| What to do |
Each record listed below is to be output exactly as written.

| Records shown |
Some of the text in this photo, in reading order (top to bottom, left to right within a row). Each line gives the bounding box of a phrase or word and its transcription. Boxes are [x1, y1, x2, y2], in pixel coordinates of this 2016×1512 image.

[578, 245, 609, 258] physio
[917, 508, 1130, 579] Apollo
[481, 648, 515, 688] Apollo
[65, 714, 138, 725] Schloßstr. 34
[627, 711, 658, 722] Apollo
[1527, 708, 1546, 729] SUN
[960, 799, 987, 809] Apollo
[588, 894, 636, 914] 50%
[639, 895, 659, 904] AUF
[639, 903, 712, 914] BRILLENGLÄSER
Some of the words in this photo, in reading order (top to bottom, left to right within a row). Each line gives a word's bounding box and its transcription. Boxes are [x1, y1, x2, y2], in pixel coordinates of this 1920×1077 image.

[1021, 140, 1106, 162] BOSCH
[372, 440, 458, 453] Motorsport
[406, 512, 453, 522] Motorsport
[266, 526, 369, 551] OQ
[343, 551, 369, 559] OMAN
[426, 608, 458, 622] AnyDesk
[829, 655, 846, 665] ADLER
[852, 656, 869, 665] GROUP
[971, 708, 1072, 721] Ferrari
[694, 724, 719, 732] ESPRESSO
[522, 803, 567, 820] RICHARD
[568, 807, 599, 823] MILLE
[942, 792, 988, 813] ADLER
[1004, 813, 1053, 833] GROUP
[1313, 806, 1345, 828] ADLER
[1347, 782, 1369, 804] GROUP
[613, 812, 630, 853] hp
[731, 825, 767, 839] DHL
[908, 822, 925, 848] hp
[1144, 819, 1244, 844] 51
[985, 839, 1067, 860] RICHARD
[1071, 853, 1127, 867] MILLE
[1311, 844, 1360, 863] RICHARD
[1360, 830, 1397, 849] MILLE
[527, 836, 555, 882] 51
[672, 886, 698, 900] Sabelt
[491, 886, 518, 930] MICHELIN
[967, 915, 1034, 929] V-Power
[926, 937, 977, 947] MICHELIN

| Result |
Some of the text in this photo, in reading order (top to bottom, left to right within a row). Each line gives the bounding box of a phrase or word and its transcription. Boxes are [x1, y1, x2, y2], in pixel coordinates of this 2016×1512 image.

[578, 245, 609, 258] physio
[917, 508, 1130, 579] Apollo
[481, 648, 515, 688] Apollo
[65, 714, 138, 725] Schloßstr. 34
[627, 711, 658, 722] Apollo
[1527, 708, 1546, 729] SUN
[960, 799, 987, 809] Apollo
[588, 894, 636, 914] 50%
[639, 895, 659, 904] AUF
[639, 903, 712, 914] BRILLENGLÄSER
Some of the words in this photo, in reading order (top to bottom, left to right within a row). Each line gives a word's bounding box and its transcription. Boxes are [x1, y1, x2, y2], in pixel coordinates of this 1920×1077 image.

[1021, 140, 1106, 162] BOSCH
[372, 440, 458, 453] Motorsport
[406, 512, 453, 522] Motorsport
[266, 526, 369, 551] OQ
[343, 551, 369, 559] OMAN
[426, 608, 458, 622] AnyDesk
[829, 655, 846, 665] ADLER
[852, 656, 869, 665] GROUP
[971, 708, 1072, 721] Ferrari
[694, 724, 719, 732] ESPRESSO
[522, 803, 567, 820] RICHARD
[568, 807, 599, 823] MILLE
[942, 792, 988, 813] ADLER
[1004, 813, 1053, 833] GROUP
[1313, 806, 1345, 828] ADLER
[1347, 782, 1369, 804] GROUP
[613, 812, 630, 853] hp
[731, 825, 767, 839] DHL
[908, 822, 925, 848] hp
[1144, 819, 1244, 844] 51
[985, 839, 1067, 860] RICHARD
[1071, 853, 1127, 867] MILLE
[1311, 844, 1360, 863] RICHARD
[1360, 830, 1397, 849] MILLE
[527, 836, 555, 882] 51
[672, 886, 698, 900] Sabelt
[491, 886, 518, 930] MICHELIN
[967, 915, 1034, 929] V-Power
[926, 937, 977, 947] MICHELIN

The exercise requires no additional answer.